登陆注册
5242200000200

第200章 Chapter 3(2)

Or rather sublime in our general position--that's what I mean." She spoke as from the habit of her anxious conscience--something that disposed her frequently to assure herself for her human commerce of the state of the "books" of the spirit. " Because I don't at all want," she explained, "to be blinded or made 'sniffy' by any sense of a social situation." Her father listened to this declaration as if the precautions of her general mercy could still, as they betrayed themselves, have surprises for him--to say nothing of a charm of delicacy and beauty; he might have been wishing to see how far she could go and where she would, all touchingly (257) to him, arrive. But she waited a little--as if made nervous precisely by feeling him depend too much on what she said. They were avoiding the serious, standing off anxiously from the real, and they fell again and again, as if to disguise their precaution itself, into the tone of the time that came back to them from their other talk, when they had shared together this same refuge.

"Don't you remember," she went on, "how, when they were here before, I broke it to you that I was n't so very sure we ourselves had the thing itself?"

He did his best to do so. "Had you meant a social situation?"

"Yes--after Fanny Assingham had first broken it to me that at the rate we were going we should never have one."

"Which was what put us on Charlotte?" Oh yes, they had had it over quite often enough for him easily to remember.

Maggie had another pause--taking it from him that he now could both affirm and admit without wincing that they had been at their critical moment "put" on Charlotte.
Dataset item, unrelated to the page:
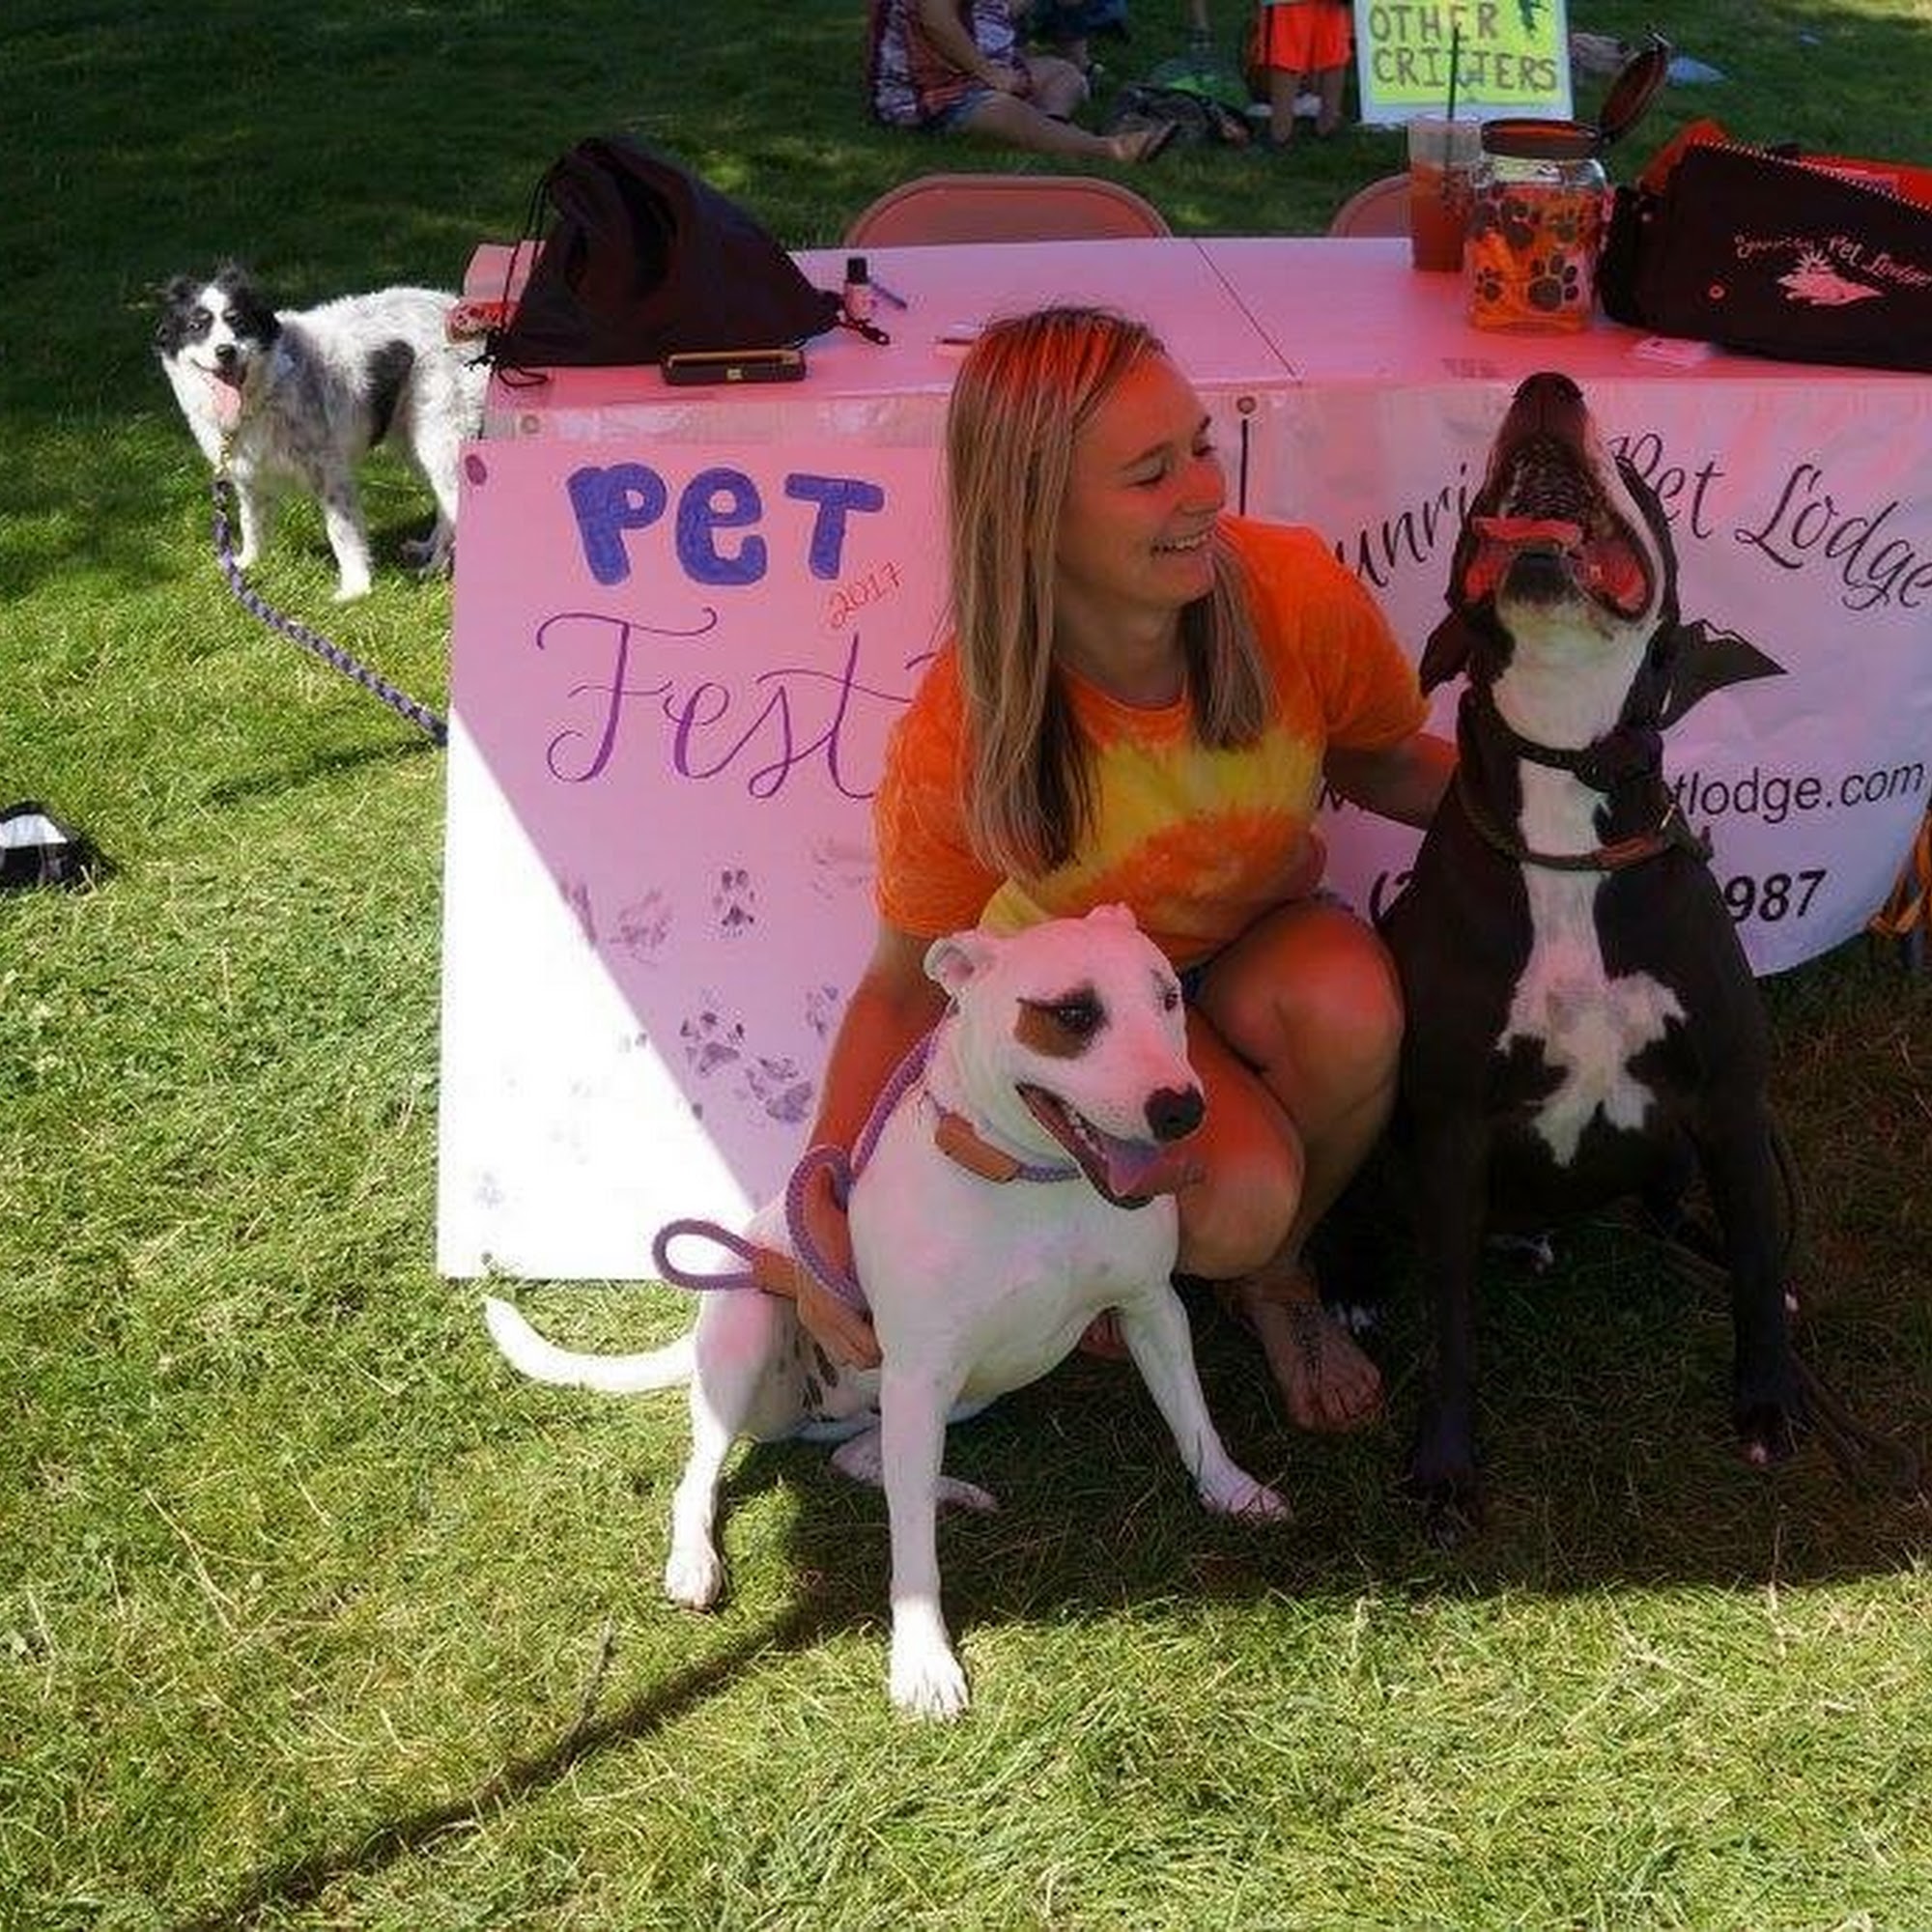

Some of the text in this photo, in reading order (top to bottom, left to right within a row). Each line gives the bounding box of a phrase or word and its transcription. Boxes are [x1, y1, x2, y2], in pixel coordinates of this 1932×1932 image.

It was as if this recognition had been threshed out between them as fundamental to the honest view of their success. "Well," she continued, "I recall how I felt, about Kitty and Dotty, that even if we had already then been more 'placed,' or whatever you may call what we are now, it still would n't have been an excuse for wondering why others could n't obligingly leave me more exalted by having themselves smaller ideas. For those," she said, "were the feelings we used to have."

(258) "Oh yes," he responded philosophically--"I remember the feelings we used to have."

Maggie appeared to wish to plead for them a little in tender retrospect--as if they had been also respectable. "It was bad enough, I thought, to have no sympathy in your heart when you HAD a position. But it was worse to be sublime about it--as I was so afraid, as I'm in fact still afraid of being--when it was n't even there to support one." And she put forth again the earnestness she might have been taking herself as having outlived; became for it--which was doubtless too often even now her danger--almost sententious. "One must always, whether or no, have some imagination of the states of others--of what they may feel deprived of. However," she added, "Kitty and Dotty could n't imagine we were deprived of anything.

And now, and now--!" But she stopped as for indulgence to their wonder and envy.

"And now they see still more that we can have got everything and kept everything and yet not be proud."

"No, we're not proud," she answered after a moment. "I'm not sure we're quite proud enough." Yet she changed the next instant that subject too.

She could only do so however by harking back--as if it had been a fascination.

She might have been wishing, under this renewed, this still more suggestive visitation, to keep him with her for remounting the stream of time and dipping again, for the softness of the water, into the contracted basin of the past. "We talked about it--we talked about it; you don't (259) remember so well as I. You too did n't know--and it was beautiful of you; like Kitty and Dotty you too thought we had a position, and were surprised when I thought we ought to have told them we were n't doing for them what they supposed. In fact," Maggie pursued, "we're not doing it now. We're not, you see, really introducing them. I mean not to the people they want."

"Then what do you call the people with whom they're now having tea?"

It made her quite spring round. "That's just what you asked me the other time--one of the days there was somebody. And I told you I did n't call anybody anything."

"I remember--that such people, the people we made so welcome, did n't 'count'; that Fanny Assingham knew they did n't." She had awakened, his daughter, the echo; and on the bench there, as before, he nodded his head amusedly, he kept nervously shaking his foot. "Yes, they were only good enough--the people who came--for US. I remember," he said again: "that was the way it all happened."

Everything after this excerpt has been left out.